Sib-pair Command: varcomp

ClassAnalysis and data manipulation command
Arguments <quantitative trait> [ae] [ce] [ace] [ade] [aqe (inline | ibs | <marker 1> + ...<marker N>)] [covariate <covariate trait 1> + ...<covariate trait N>].

Performs MVN variance components analysis for a quantitative trait or a binary trait using all phenotyped individuals. Currently fits ADE, ACE, AQE, AE and CE models. The ae option fits AE and E only, and so forth. Multiple covariates can be included in the fixed effects part of the model via adding the cov keyword and a list of covariates at the end of the command line. Only the first marker locus in the list of covariates is fully allelic effect coded, with subsequent markers included as the mean of their allele values (i.e. 1="1/1", 1.5="1/2", 2="2/2" for a diallelic marker).

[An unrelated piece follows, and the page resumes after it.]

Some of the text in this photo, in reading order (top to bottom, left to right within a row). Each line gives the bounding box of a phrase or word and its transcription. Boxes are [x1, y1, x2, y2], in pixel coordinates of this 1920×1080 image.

The AQE variance components linkage analysis routines is usually accessed by the qtl...full command, but is also accessible by varcomp aqe. In the latter case, one specifies a set of markers to be combined to give a multipoint ibd estimate for the QTLs ibd status, or if the ibs modifier is present, then all active markers are used to estimate kinship from average marker ibs. One can also read a lower triangular matrix of ibd's for each pedigree from the command line, using aqe inline.

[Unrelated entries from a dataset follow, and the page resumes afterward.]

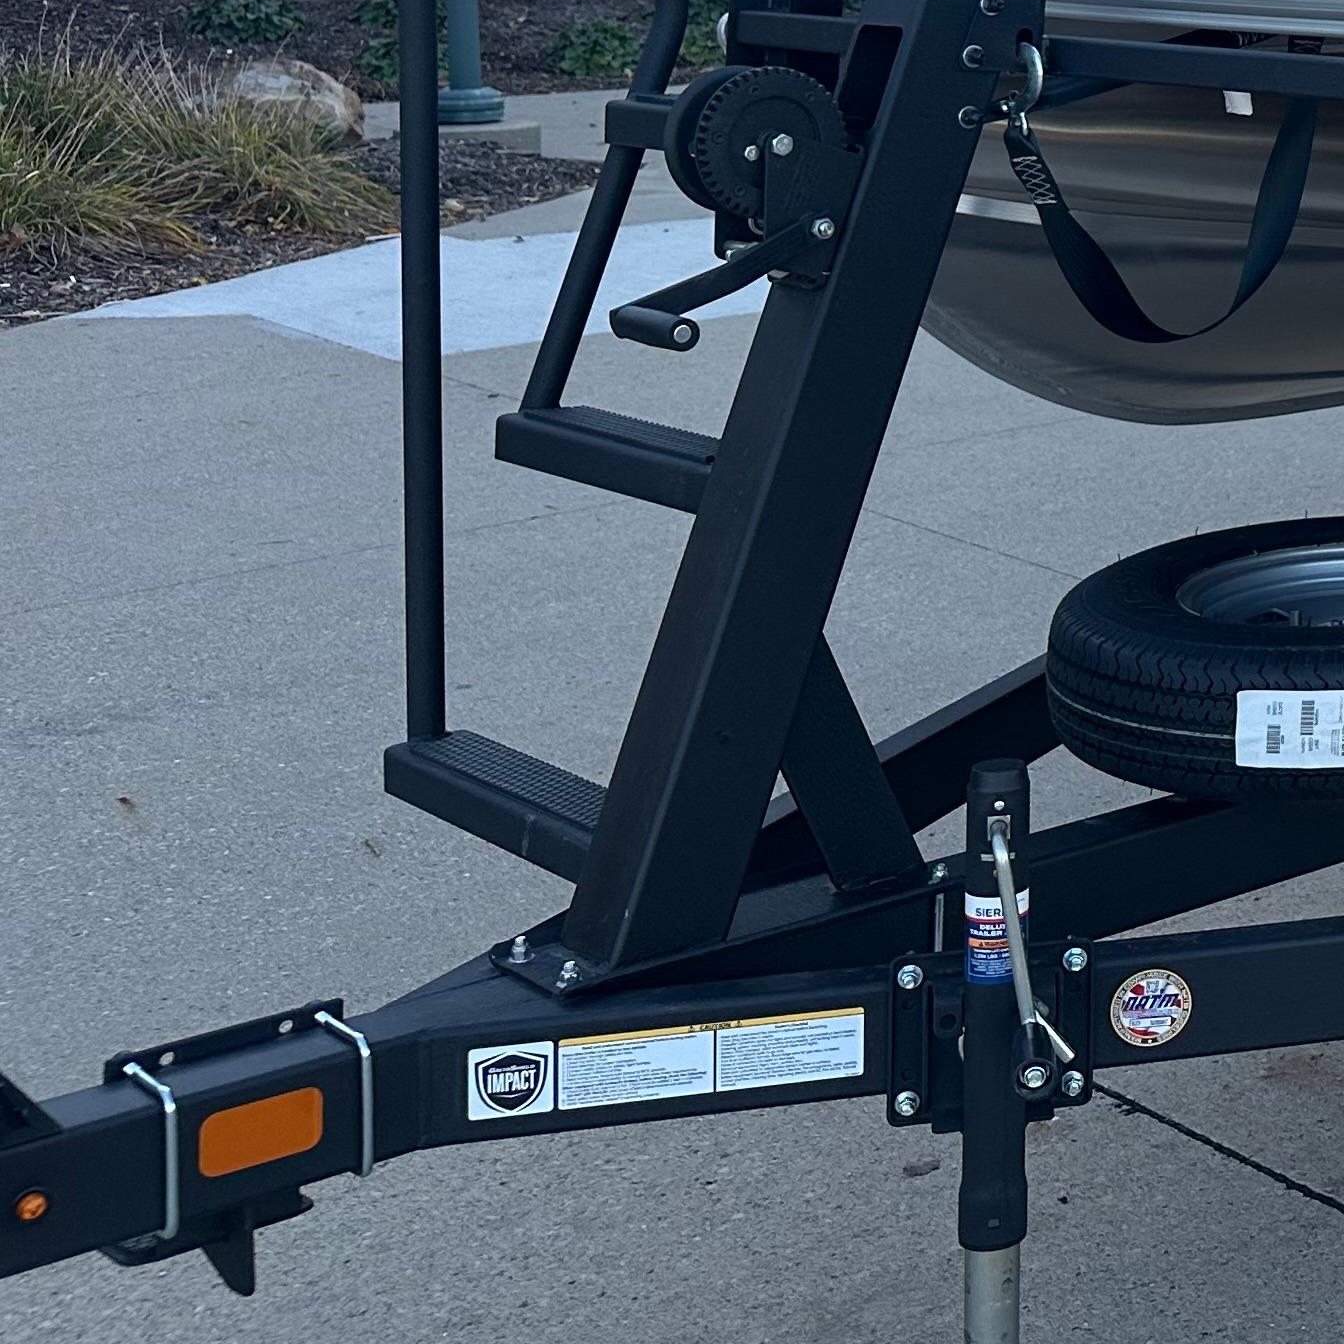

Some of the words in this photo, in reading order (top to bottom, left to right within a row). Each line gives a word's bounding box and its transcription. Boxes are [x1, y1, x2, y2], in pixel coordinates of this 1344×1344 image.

[975, 907, 1004, 918] SIER
[969, 928, 1003, 937] TRAILER
[487, 1069, 537, 1094] IMPACT
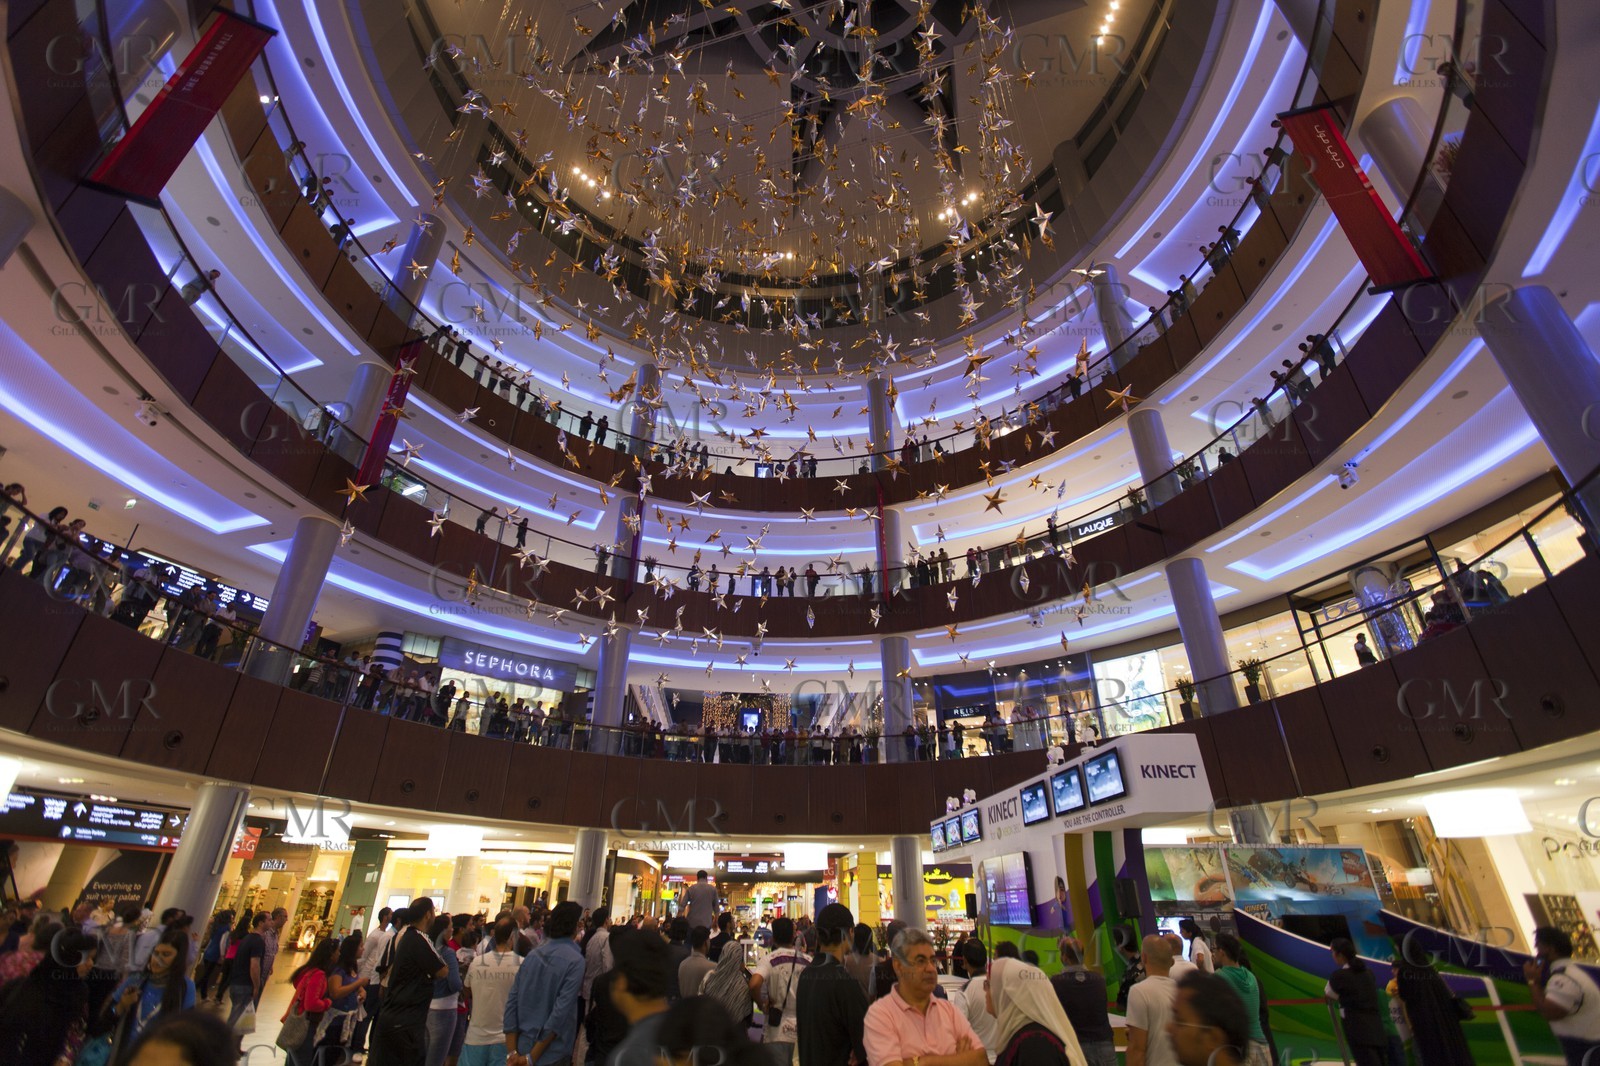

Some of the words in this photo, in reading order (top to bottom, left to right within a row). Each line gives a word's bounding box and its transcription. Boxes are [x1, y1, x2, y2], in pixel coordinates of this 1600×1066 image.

[1078, 517, 1114, 536] LALIQUE
[464, 650, 554, 681] SEPHORA
[953, 706, 980, 716] REISS
[1140, 764, 1197, 779] KINECT
[988, 796, 1018, 825] KINECT
[1063, 819, 1072, 829] YOU
[1073, 816, 1082, 827] ARE
[1082, 813, 1092, 824] THE
[92, 882, 133, 892] Everything
[118, 894, 141, 903] palate
[1244, 903, 1268, 912] KINECT

The multifactorial threshold model defaults to using the Mendell and Elston approximation to the MVN likelihood, but the Genz algortithm can be selected using the set mft command.


>> include
>> varcomp sace
# Examine effect of including ACE I/D genotype
# including allelic and then genotypic effects
>> varcomp sace covariates aceins
>> lrt
>> varcomp sace aqe aceins 
>> varcomp sace aqe aceins covariates aceins
>> set loc a12 qua
>> set loc a22 qua
>>  a12 = (aceins=="1/2")
>>  a22 = (aceins=="2/2")
>> varcomp sace covariates aceins
>> varcomp sace covariates a12 a22
>> lrt

# One hundred nuclear families with 
# three phenotyped offspring
simulate pedigrees 1000 2 3 3
set loc marker mar
set loc hitrait aff
set loc qtrait qua
sim marker 0.6 0.4
if (marker=="1/1") then qtrait=rnorm else qtrait=rnorm+1
let hitrait = (qtrait > 0)
if (isfou) then (hitrait=x) (qtrait=x)
des hitrait
set mft 10000 0.001
mft hitrait ae

Which gives:

Relative pair   RecRisk     Aff-Aff     Aff-UnA  Tetrachoric r
-----------------------------------------------  -------------
   Fullsib        0.725        1546        1172        0.087

NOTE:  Mendell-Elston MVN algorithm in use.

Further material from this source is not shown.